Wheat genetics tool bench for next generation sequencing

Collaborating with the wheat community, we aim to build a suite of software workflows designed for complex polyploids. We will provide users with up-to-date genome references based on the latest International Wheat Genome Sequencing Consortium (IWGSC) assemblies and exome capture designs. Users will also be able to input their own custom polyploid genomes. Based on existing published workflows, or those used by the Hall group, we will provide optimised tools in the iPlant environment for SNP scoring, measuring homologous gene expression and mapping-by-sequencing, with benchmarking datasets and clear user documentation. Further, with the help of the community, we will identify and assess applications that may be optimised for CyVerse, such as KASP SNP assay design, methyl-seq pipelines, and GWAS workflows optimised for wheat and linked to the BBSRC eTILLING project.

Mapping-by-sequencing:

A growing number of mapping-by-sequencing algorithms exist including SHOREmap, MAQGene, MutMap, NGM-Next-generation EMS mutation mapping and CloudMap. Benchmarking these algorithms, and those developed at Liverpool, against existing datasets will generate the most effective mapping-by-sequencing pipeline for Arabidopsis, barley and other custom diploid genomes. This will be made available in the CyVerse environment with benchmarking datasets, a simple interface, and user documentation. For Arabidopsis, we will link mapping intervals with information on synonymous and non-synonymous SNP information and annotation, and provide a pipeline to design CRISPR/Cas9 constructs to knock out target genes. Outputs will be linked to either stock or DNA synthesis centres so users can easily order T-DNA insertion mutants or generate CRISPR/Cas9 constructs.

Genome assembly pipeline

We are implementing an iPlant based de-novo genome assembly pipeline.

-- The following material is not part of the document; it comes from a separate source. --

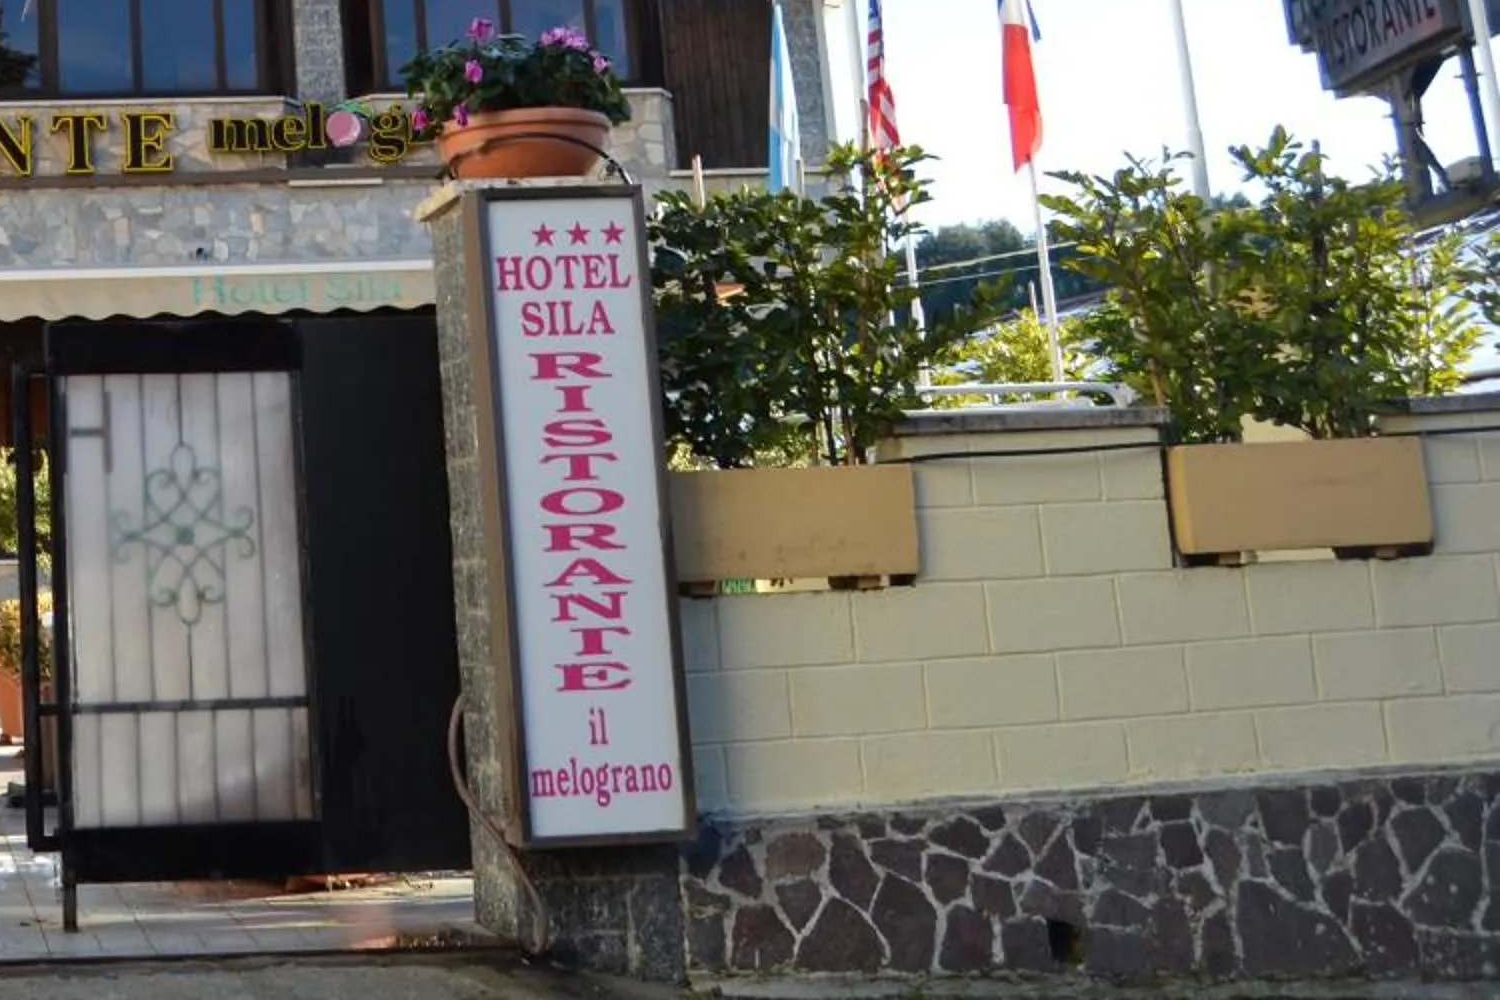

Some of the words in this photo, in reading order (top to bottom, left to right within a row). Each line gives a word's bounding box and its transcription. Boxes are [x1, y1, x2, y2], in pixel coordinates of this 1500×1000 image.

The aim is to start with raw reads and perform various stages of assembly, namely, quality checking, adapter trimming, error correction, k-mer estimation, insert-size calculation, assembly and gap-closing.  The pipeline would execute in an iterative feedback based manner to improve on the quality of assembled genome, and if necessary, produce a panel of assemblies that can be compared and visualized against each other. To start with, we will first work with SOAP denovo2, and further diversify the pipeline to include Allpathslg, Velvet, Newbler etc. An important consideration for this pipeline would be to have minimal user-interaction during the entire process and use intelligent automation mechanisms to fine-tune the parameters affecting the overall assembly quality. This pipeline is being developed on Stampede at the moment and would eventually be ported to CyVerse resources.

RNA-Seq analysis pipeline

We have a workflow in place to run the Tuxedo suite of programmes for reference based RNA seq analysis. The workflow maps sequences to a reference, assembles the transcripts and creates a custom .gtf file based both on reference transcripts and any possible new transcripts/isoforms. The workflow then uses Cuffdiff to generate differential expression data to show up and down regulation in gene expression. The workflow also produces comparative R plots including a heat map, scatter plots and volcano plots along with a list of significantly differentially expressed genes. Currently the first version of the workflow can take up to 4 conditions with an unlimited number of replicates for each condition. We plan to include a time course version of the workflow in near future.